Face ao exposto, decide-se não admitir o requerimento com a referência 8746681, determinando-se o respetivo desentranhamento.»

Discordam os Apelantes pelas razões que constam das conclusões do recurso, que passamos a analisar.
Estamos perante um processo de inventário facultativo destinado a fazer cessar a comunhão hereditária, ao qual se aplica o regime do processo de inventário aprovado pela Lei n.º 117/2019, de 13-09, encontrando-se a respetiva tramitação inserida no Código de Processo Civil (CPC), mormente nos artigos 1097.º e seguintes.
Não cabendo na economia deste acórdão escalpelizar as inovações introduzidas pelo legislador em relação ao processo de inventário com este diploma legal, é mister mencionar que o legislador introduziu regras de preclusão e de concentração no que diz respeito à alegação das questões relevantes e demonstração probatória do alegado, incrementando, assim, a autorresponsabilidade das partes na prática dos atos processuais (cfr. artigos 1097.º e 1099.º do CPC).
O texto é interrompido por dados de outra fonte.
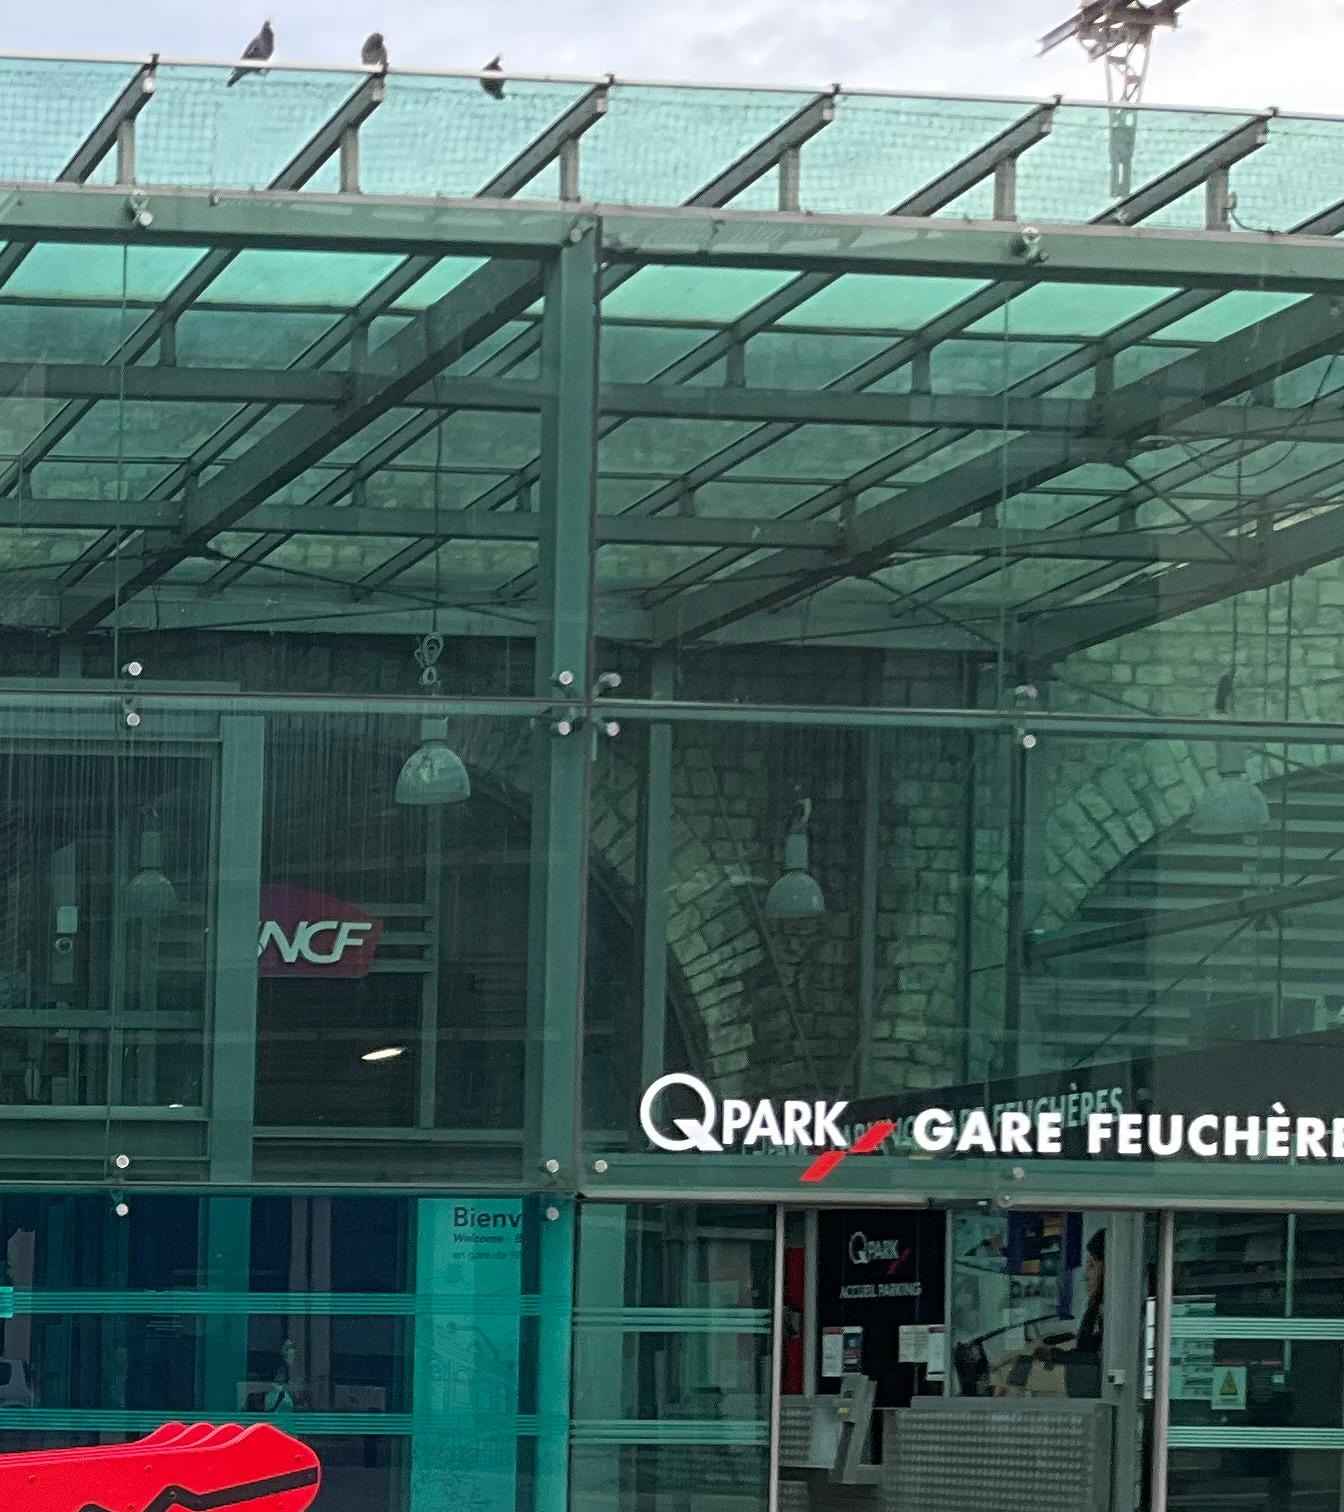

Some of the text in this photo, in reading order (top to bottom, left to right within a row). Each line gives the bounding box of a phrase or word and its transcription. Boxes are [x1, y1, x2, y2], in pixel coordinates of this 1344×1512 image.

[257, 920, 373, 964] NCF
[912, 1106, 1063, 1154] GARE
[452, 1232, 504, 1244] Welcome
Em relação ao princípio da concentração, o legislador procurou concentrar os meios de defesa dos interessados (oposição, impugnação e reclamação), fixando o prazo de 30 dias, contados desde a citação para os termos da ação, estabelecendo o artigo 1104.º que, nesse prazo, deve ser deduzida oposição ao inventário, impugnar-se a legitimidade dos interessados citados ou alegar a existência de outros, impugnar a competência do cabeça de casal ou as indicações constantes das suas declarações e apresentar reclamação à relação de bens ou impugnar os créditos e as dívidas da herança.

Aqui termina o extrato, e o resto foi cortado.